*Goal of the exercise*.
Give the listing back in full, exactly as written, with the pictures removed.

*Raw data*.
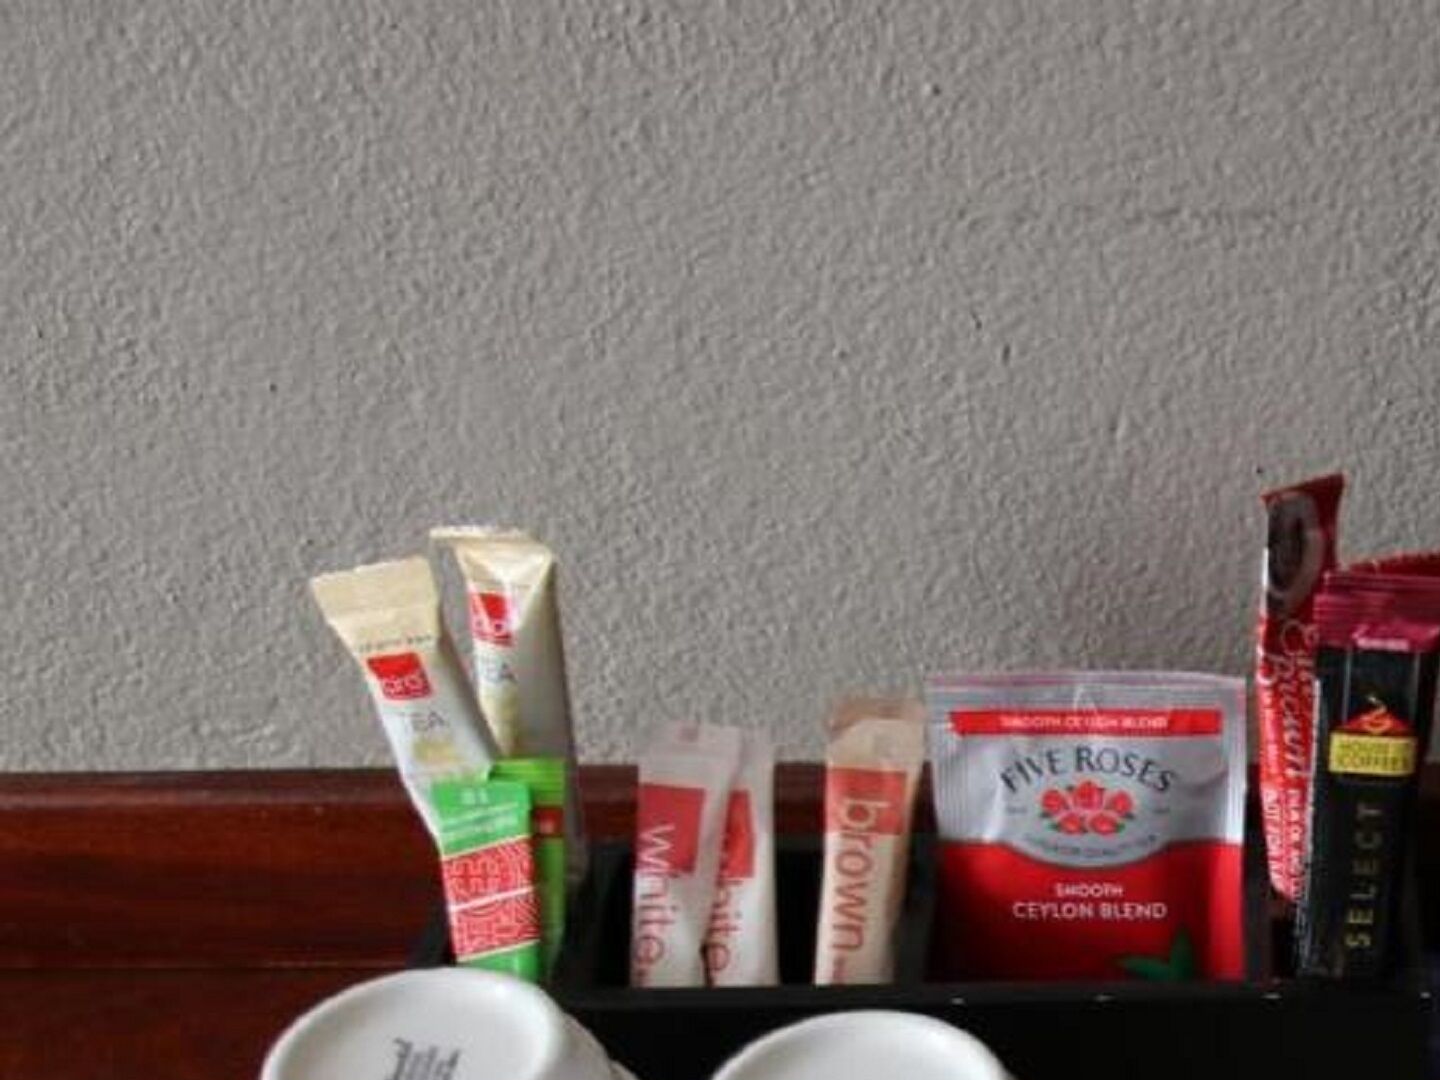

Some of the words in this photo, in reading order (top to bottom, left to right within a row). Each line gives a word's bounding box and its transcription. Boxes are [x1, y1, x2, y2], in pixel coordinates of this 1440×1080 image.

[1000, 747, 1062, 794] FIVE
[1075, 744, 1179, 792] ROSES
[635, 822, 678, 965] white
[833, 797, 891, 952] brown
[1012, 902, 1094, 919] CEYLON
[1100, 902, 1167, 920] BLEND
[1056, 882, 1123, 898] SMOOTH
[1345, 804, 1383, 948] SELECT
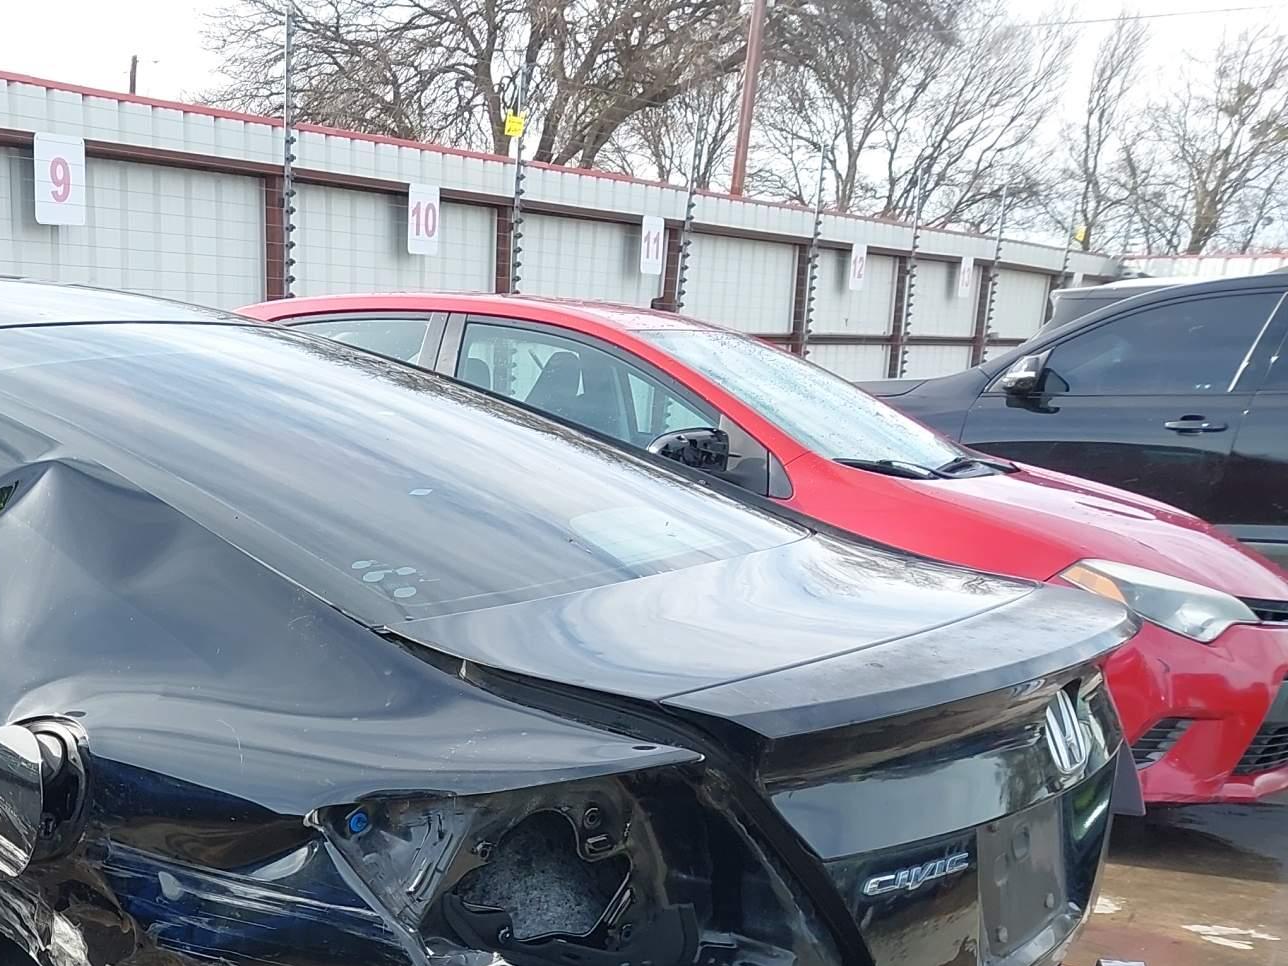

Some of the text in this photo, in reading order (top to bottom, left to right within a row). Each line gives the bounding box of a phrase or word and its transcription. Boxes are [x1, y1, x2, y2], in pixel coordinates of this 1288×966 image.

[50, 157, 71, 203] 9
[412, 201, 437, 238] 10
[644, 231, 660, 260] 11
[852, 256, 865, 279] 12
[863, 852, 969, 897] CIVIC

*Finished exercise*.
Some of the words in this photo, in reading order (top to bottom, left to right within a row). Each line gives a word's bounding box and its transcription. Boxes are [x1, y1, x2, y2], in pixel coordinates of this 1440×1080 image.

[1000, 747, 1062, 794] FIVE
[1075, 744, 1179, 792] ROSES
[635, 822, 678, 965] white
[833, 797, 891, 952] brown
[1012, 902, 1094, 919] CEYLON
[1100, 902, 1167, 920] BLEND
[1056, 882, 1123, 898] SMOOTH
[1345, 804, 1383, 948] SELECT

Some of the text in this photo, in reading order (top to bottom, left to right within a row). Each line gives the bounding box of a phrase or word and its transcription. Boxes are [x1, y1, x2, y2], in pixel coordinates of this 1288×966 image.

[50, 157, 71, 203] 9
[412, 201, 437, 238] 10
[644, 231, 660, 260] 11
[852, 256, 865, 279] 12
[863, 852, 969, 897] CIVIC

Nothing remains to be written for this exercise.